Merritt searched among the faces, found his man as Porter came out into the light not far from him.
"Where's Amos?" Porter asked him.
"Dead," said Merritt. "Dead trying to stop them. —Why wouldn't you come? Why wouldn't you listen to me? There might have been enough of us then."
"How many are loose out there?"
"Maybe several thousand."
There was a murmuring of dismay.
"And it was you," Porter said, "it was you that stirred them up, it was your tampering with the People that brought this on, and that much you can't deny, whether you knew what you were doing or not. And for my part, I think you don't care. I think you still believe you were right, after all this."
"I had no part in it, Porter. None."
"We got kin downriver I pray to heaven got to high ground. We got farms and houses and everything we own going to be wiped out thanks to you. You've finished Hestia. You've done for us once for all. But you're not going to get on any starship this year and get away from it free. No, Sam Merritt."

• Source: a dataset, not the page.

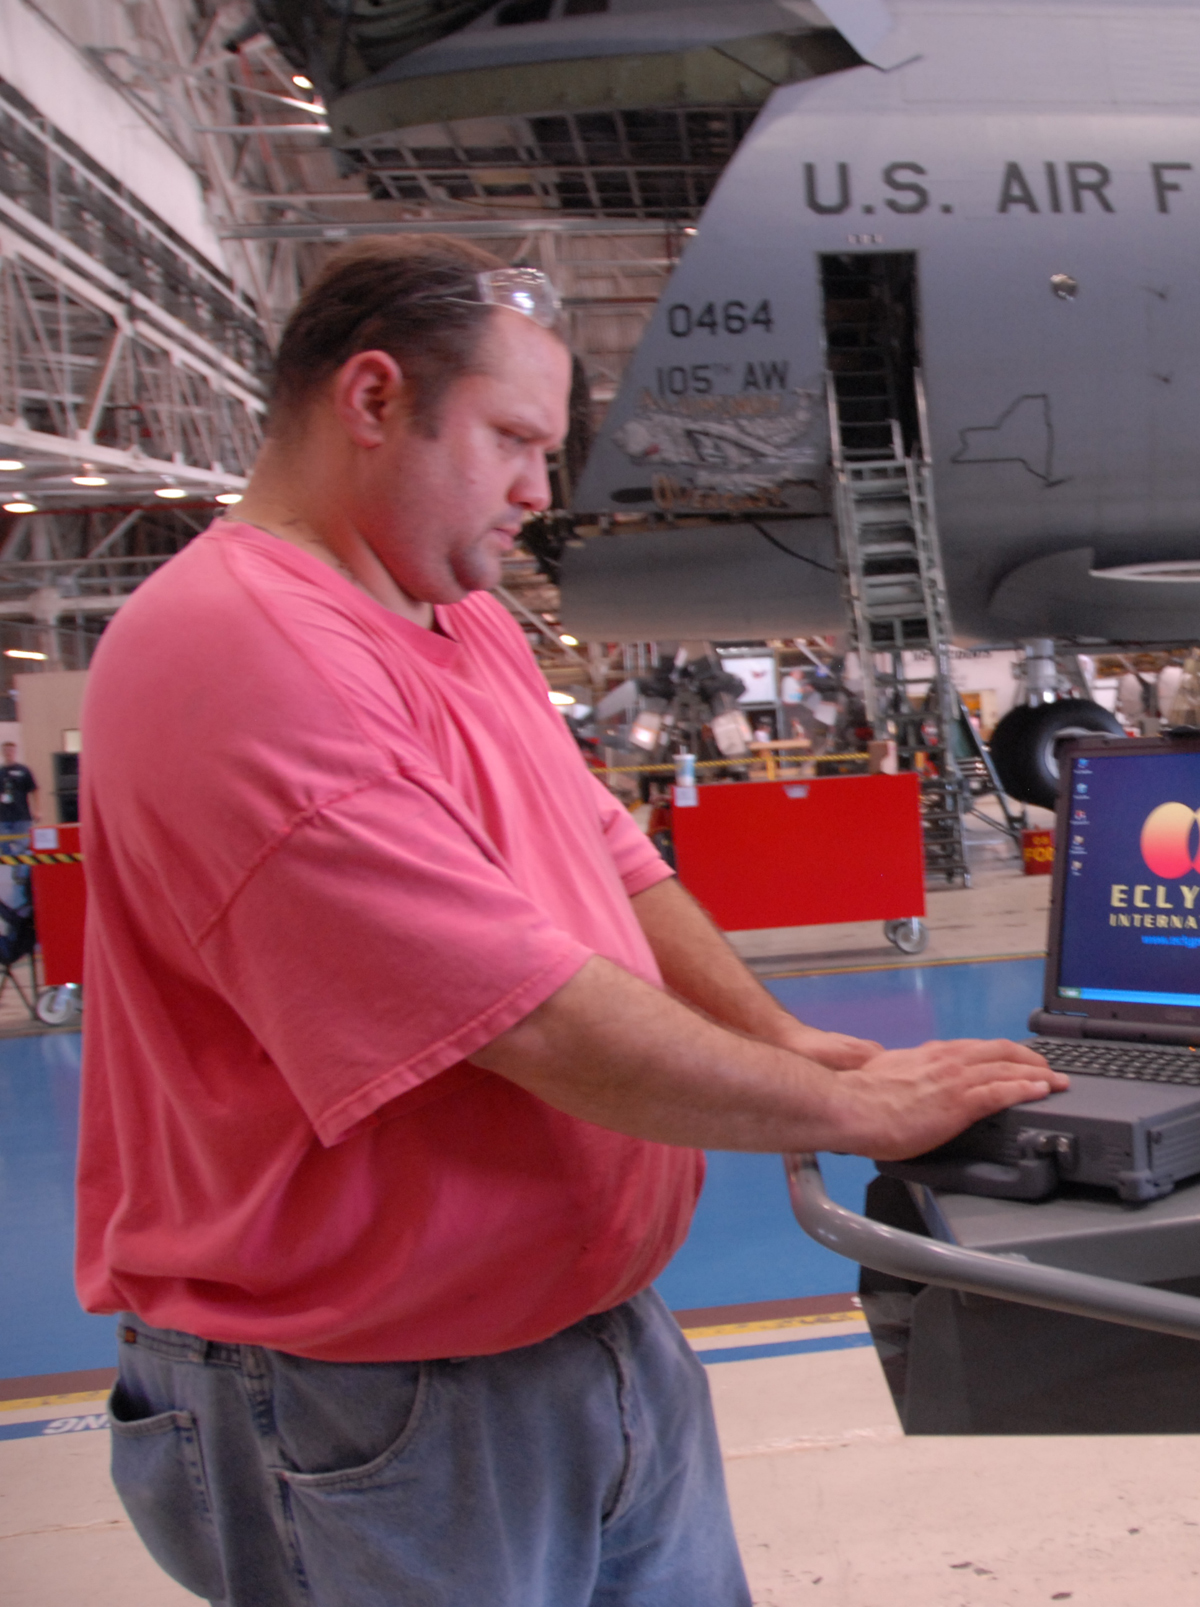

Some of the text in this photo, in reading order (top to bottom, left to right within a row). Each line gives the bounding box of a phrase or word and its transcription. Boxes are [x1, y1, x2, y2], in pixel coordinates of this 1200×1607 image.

[803, 162, 954, 215] U.S.
[997, 160, 1116, 214] AIR
[668, 299, 775, 338] 0464
[743, 360, 789, 391] AW

"I tried to help you people," Merritt cried over the rising tide of voices. He started back as men surged toward him from the front, but there was no way of escape from the circle. Porter's men had him closed in. Meg's thin voice cried a warning, and he spun half about as they seized him from behind.

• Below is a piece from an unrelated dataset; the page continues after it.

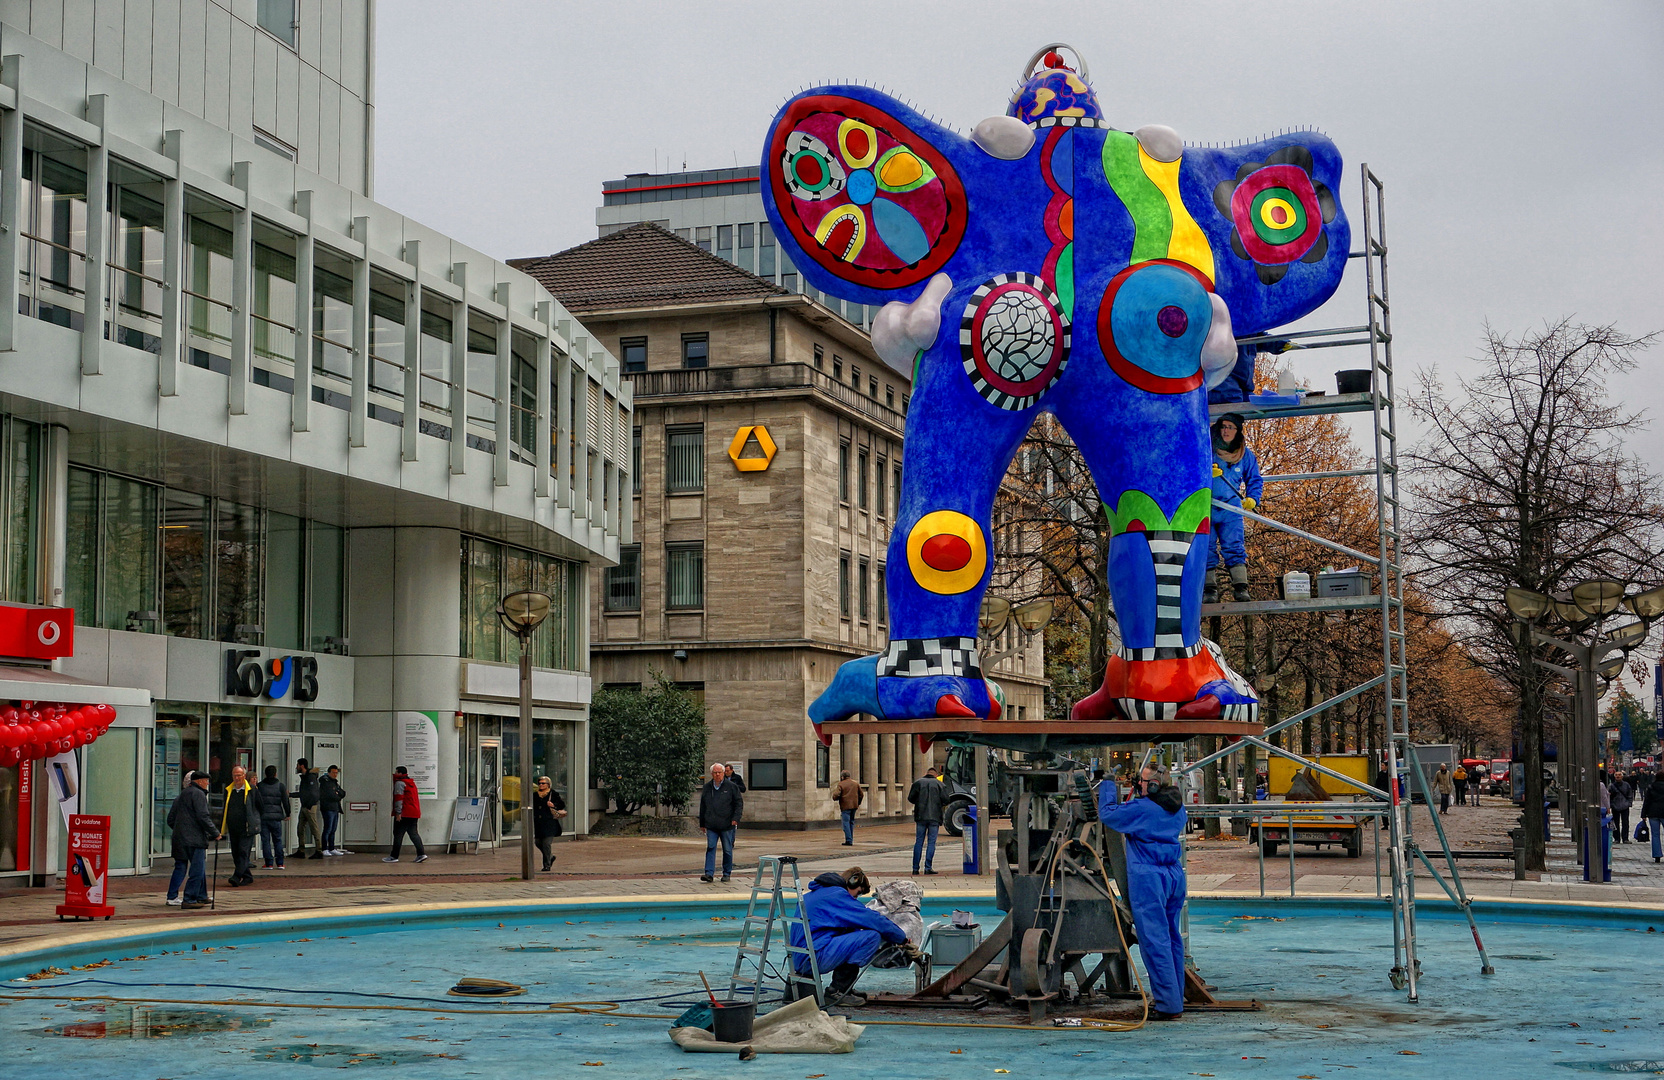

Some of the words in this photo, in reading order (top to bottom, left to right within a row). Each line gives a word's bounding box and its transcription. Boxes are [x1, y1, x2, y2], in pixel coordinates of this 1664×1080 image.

[292, 656, 318, 702] 13
[72, 832, 81, 848] 3
[81, 832, 103, 840] MONATE

A shot rang out within a hundred yards' distance, but not from the group. As the crowd broke in terror and looked in that direction, there came a shrill scream from atop the wall just over their heads.
It was Sazhje.
"
Get it
Porter shouted, and a half dozen rifles turned for that target.
Merritt shouted and heaved against those holding him as the volley was fired, broke free suddenly and hurled himself at Porter, blind with rage, blind to anything but Porter's stunned face. He hit the big man twice before Porter could do more than try to fend off the blows.
Then Porter's fist slammed to his wounded side and sent the breath out of him. He staggered badly and hurled himself in again, clumsily shouldering the man to the wall, stumbling in the mud.
Something struck the back of his skull, once and again, and still he continued to hit Porter until hands tore him away and spun him aside, on hands and knees in the mud. For a moment he could not see or get his breath—but then he saw that Porter was likewise down. And the crowd—the crowd was watching something behind him.
He rose and staggered in turning, swaying on his feet; and shook his head and wiped his eyes, blinking things into focus. A half-dozen of the People stood at close range, with perhaps fifty more at the forest rim; the nearest, the tallest—had a rifle incongruously clutched in his spidery hands.
Scurrying steps splashed across the rainsoaked ground behind him, stopped. Merritt looked back and saw Meg, and followed her frightened gaze to the crest of the wall above him.
Sazhje stood there for a moment upright in the view of all of them, then sprang to the ground, easily absorbing the shock of that fifteen-foot drop. She straightened and came toward him, her ears flicking nervously, her eyes fixed on Meg with wary insolence.
"Somebody get that thing," Porter's strangled voice shouted. "Get the Burns girl out of the way."
Meg looked back at Porter and hugged her arms tight to her in plain refusal to move. Someone started forward from the crowd, but stopped when no one else moved. There was a second start forward then, several men finding their nerve at once.
"You'd better count again," Merritt shouted. "That's just one tribe of the People standing out there, and there's far more than what you see. They don't look like they're going to attack unless someone touches them off."
Another of the women from the house started to move, and a man reached to stop her; but Hannah Burns indignantly jerked her way free and joined her daughter. A few of the surviving Burns men did the same.
A man moved from the other side to join them: George Andrews; and another: Harper, with his arm in a sling.